If you ask me about my perception of myself, I will probably tell you something like: I’m happy and playful, find sitting 9–5 painful, love learning software engineering recently but still not good at it, need to sleep 8 hours a day, and exercise every day……

However, as I notice I have much more potential over time, I start to feel curious if they are just some assumptions that I tell myself. For instance, cognitive-behavioral therapy (CBT) already tells us that reframing your thoughts can reframe your feelings, meaning that perception of self might be more fluid and flexible that we think.

I recently encountered a podcast called 100-hour work week by Jeremy whom I met in the AGI house. He is one of the few people that I genuinely like in the city. Lots of people learn, grow, and work to achieve higher social status or boring success, but he learns to let the knowledge transform him as a person.

It’s super fun to hear that he self-studied machine learning for 3 months and got into Google Brain research. Because his experience teaches me three things:

  1. SF is a meritocracy place where “prior experience” doesn’t matter that much if I can quickly accumulate my skills.
  2. It’s possible to get myself to the frontier of a field in a short amount of time if I can really focus.
  3. It is possible to have a full-time job while allowing personal creativity to sink in.

My perception of society and myself, such as “I need to have lots of validated research experience to get into a good institute,” “I need years to be good at something,” “I cannot experiment with my ideas if I have a full-time job,” are all falsified instantly.

I’m super interested in his idea of working 100 hours a week. Working a 100-hour week is shockingly similar to working a 4-hour work week because both of them are experimenting with different ways of working! Working 9–5 is just a social standard after industrialization.

My curiosity about working 100 hours a week is not because of the pursuit of productivity but because of my curiosity about my personal limit. How will my mind and body react to it? Miserable? Or will I solve problems really fast because I’m deeply sunk into it?

I believe that even if I cannot be as good as he is, if I try to learn something as intensely as he does in 3 months or attempt (not achieve) to work 100 hours a week, my perception of self will be greatly challenged. Because I’ve been noticing that I do have lots of ability to speak the language or think in the way of the frontier of something if I’m in some special state of mind.

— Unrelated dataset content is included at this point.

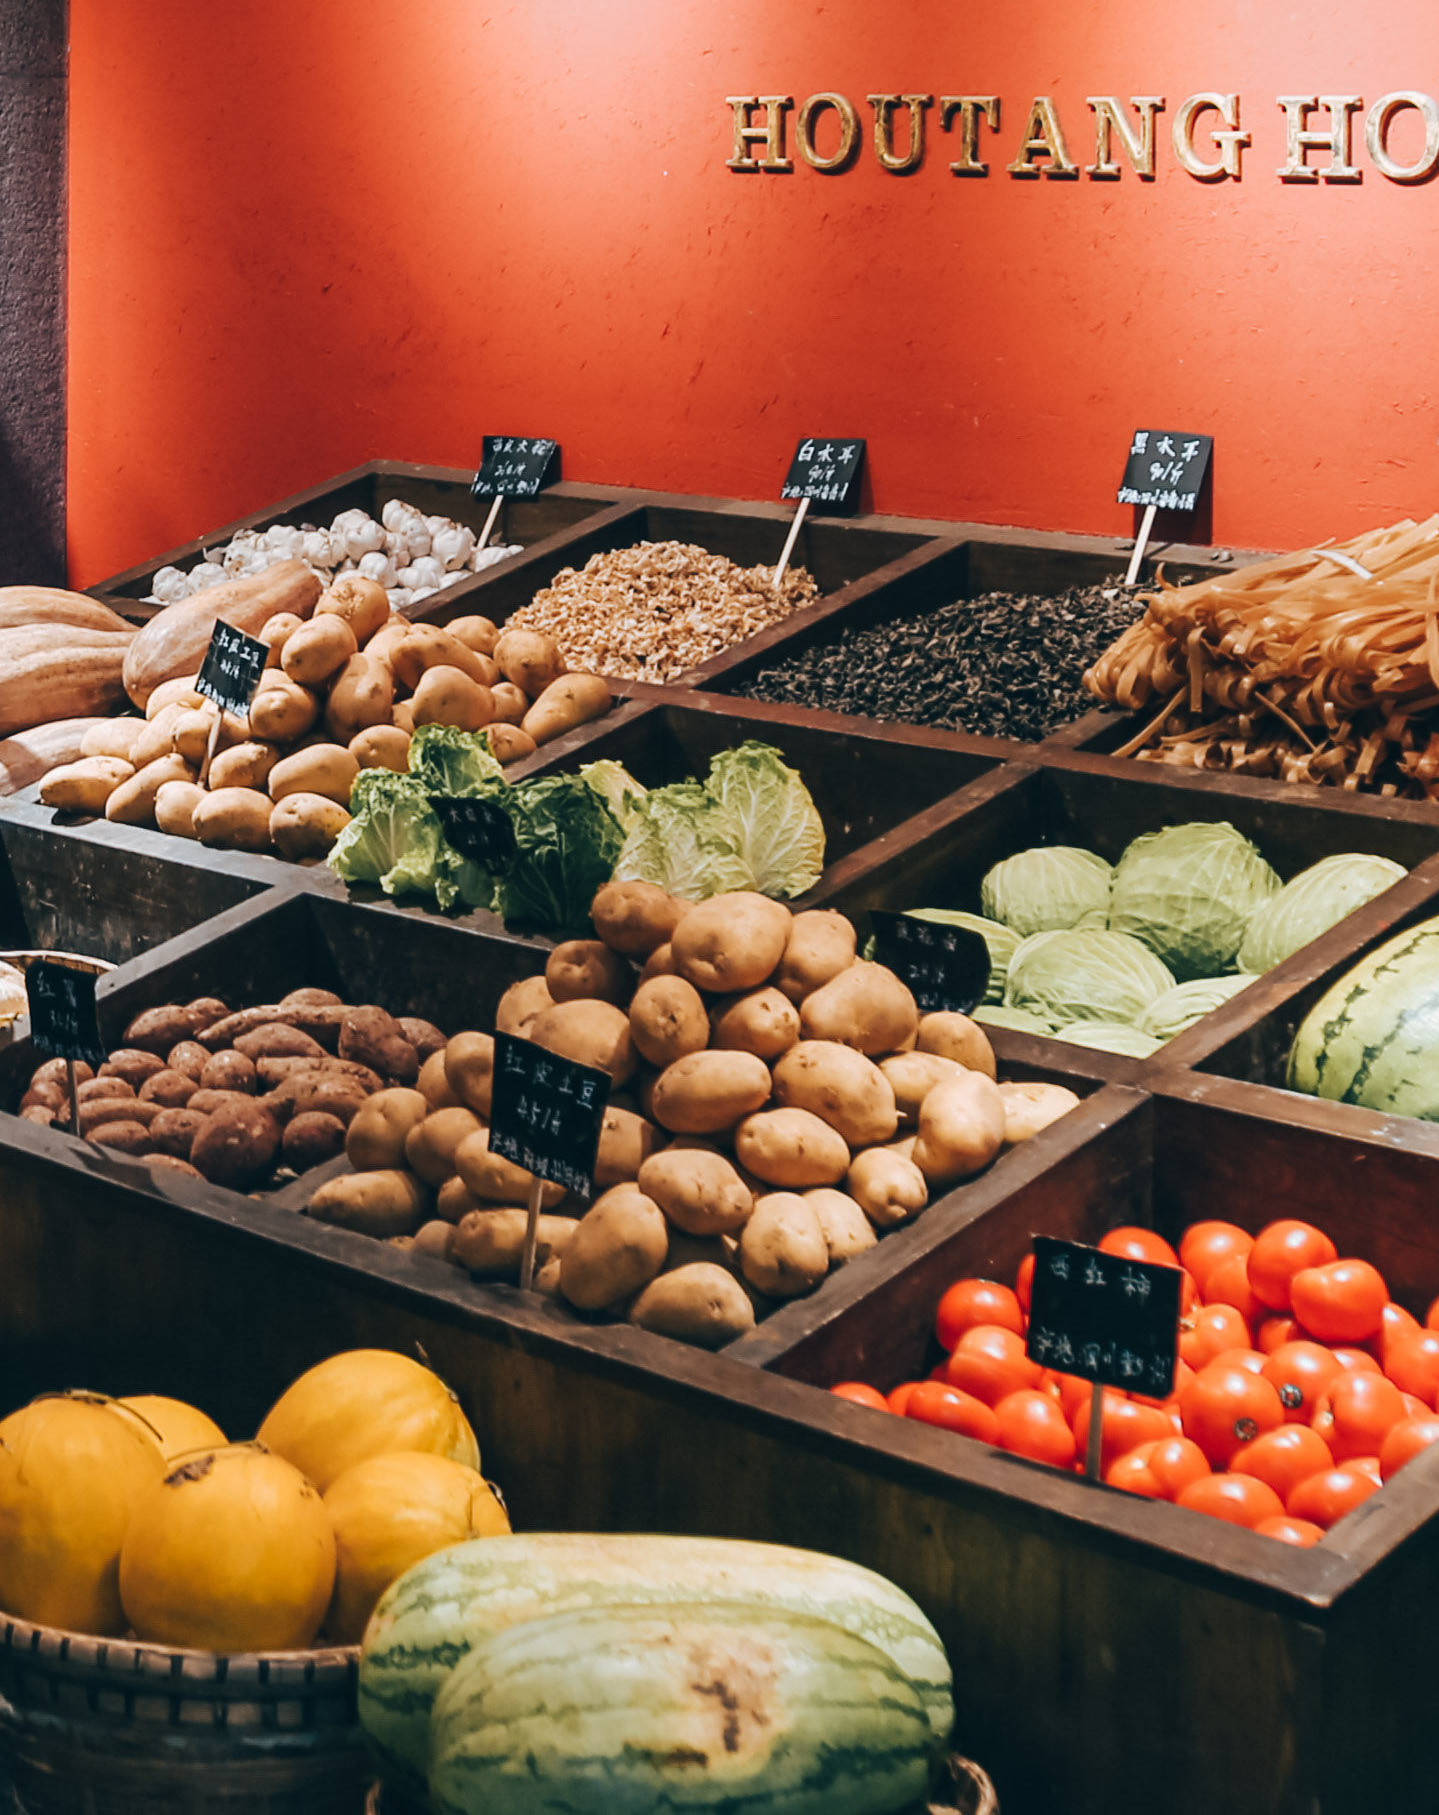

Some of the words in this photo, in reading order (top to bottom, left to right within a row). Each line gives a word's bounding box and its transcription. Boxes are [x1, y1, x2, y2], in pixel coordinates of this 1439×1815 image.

I will feel that I’m a complete unity with the knowledge and I find nothing that difficult to understand. At those moments, I have no resistance but letting the knowledge reshape me as a new person.

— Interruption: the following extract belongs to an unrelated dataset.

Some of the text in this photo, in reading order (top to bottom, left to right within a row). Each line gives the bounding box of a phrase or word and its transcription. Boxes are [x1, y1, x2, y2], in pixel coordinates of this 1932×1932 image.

That’s why I wonder if learning is really related to intelligence, or actually self-perception and state of mind. Because if we think deeper, the self isn’t something consistent or constant as we usually imagine; the self is just a story that we tell ourselves and how people tell us. But neither of them is real. If it is imaginary, why couldn’t we shape it as the way we want to? And learning is just the process of reshaping. Interestingly, even the perception of how much and how fast you can learn shape your learning too.

You must think I’m talking nonsense. Yep, because I don’t really understand what I’m saying too. But I’m very excited to find people to experiment with working 100 hours a week, and see how Esther will feel.